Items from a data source
|---|

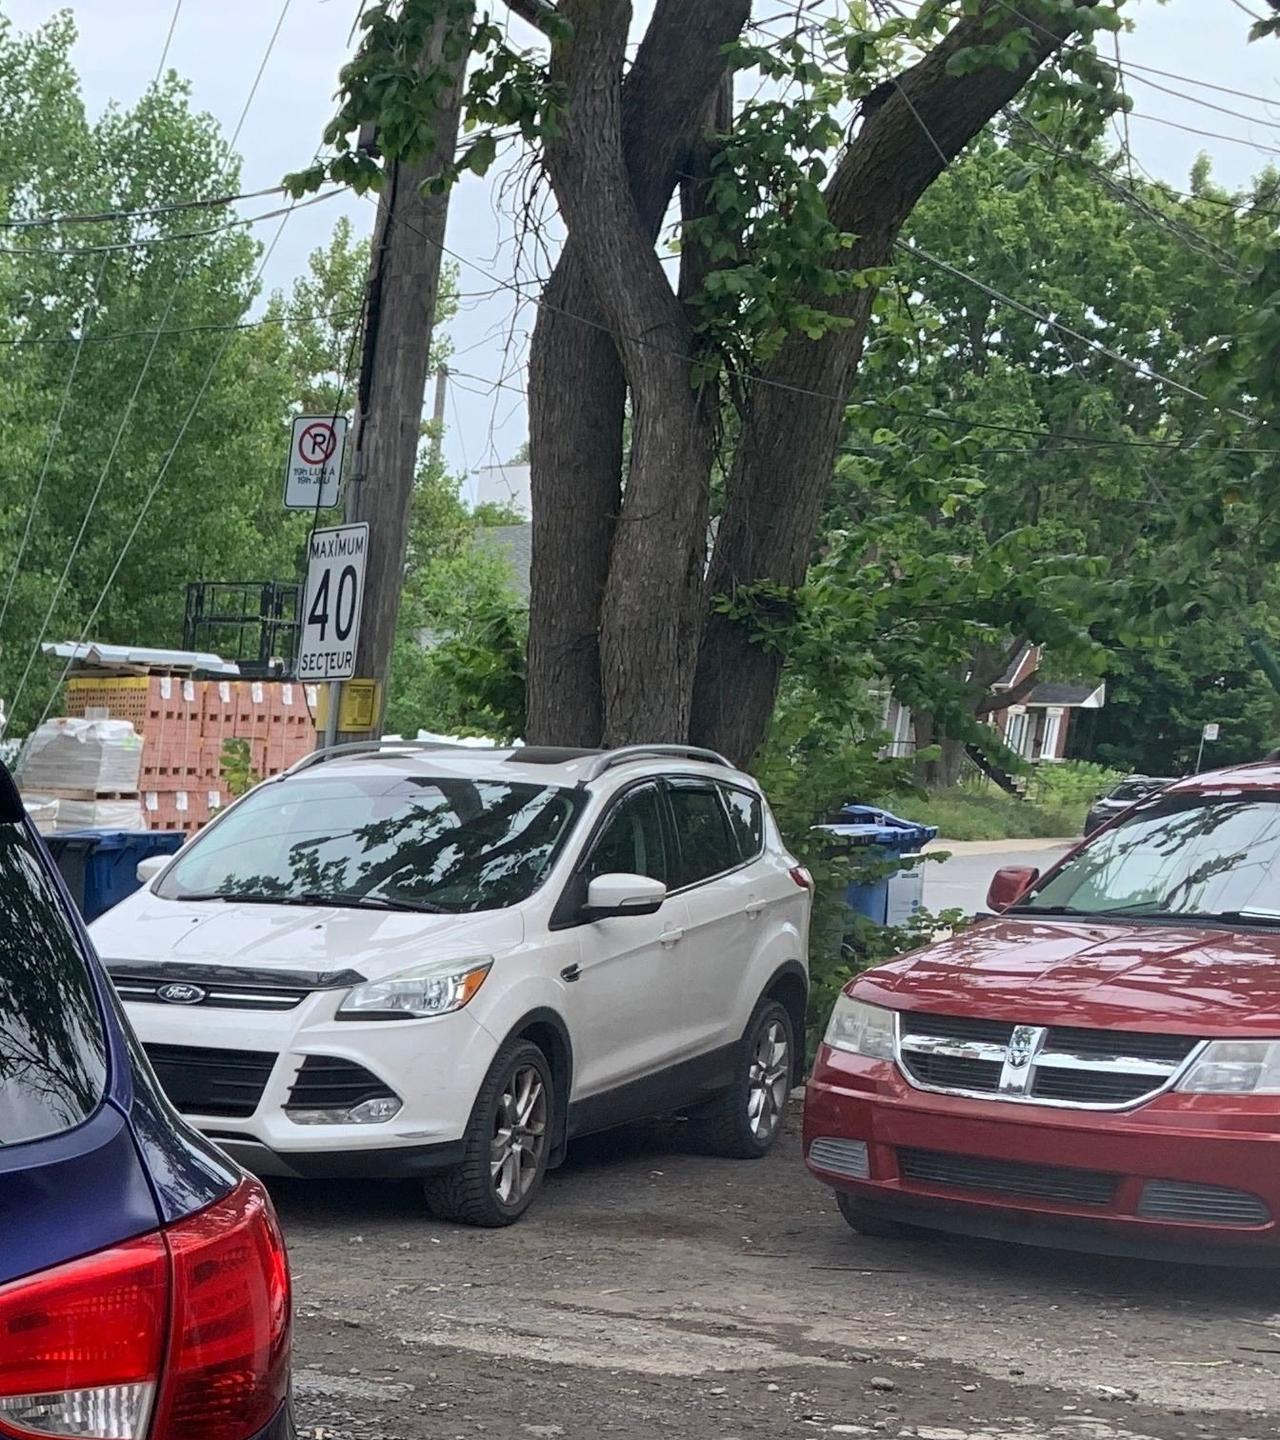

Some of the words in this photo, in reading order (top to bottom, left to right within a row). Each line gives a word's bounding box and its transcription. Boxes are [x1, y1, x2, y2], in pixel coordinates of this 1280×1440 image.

[311, 433, 326, 455] P
[311, 536, 364, 560] MAXIMUM
[308, 565, 358, 641] 40
[301, 651, 353, 672] SECTEUR
[165, 985, 193, 999] Ford

|---|

Task prompt:
Leave out the pictures and retype every line above exactly.

Result:
Some of the words in this photo, in reading order (top to bottom, left to right within a row). Each line gives a word's bounding box and its transcription. Boxes are [x1, y1, x2, y2], in pixel coordinates of this 1280×1440 image.

[311, 433, 326, 455] P
[311, 536, 364, 560] MAXIMUM
[308, 565, 358, 641] 40
[301, 651, 353, 672] SECTEUR
[165, 985, 193, 999] Ford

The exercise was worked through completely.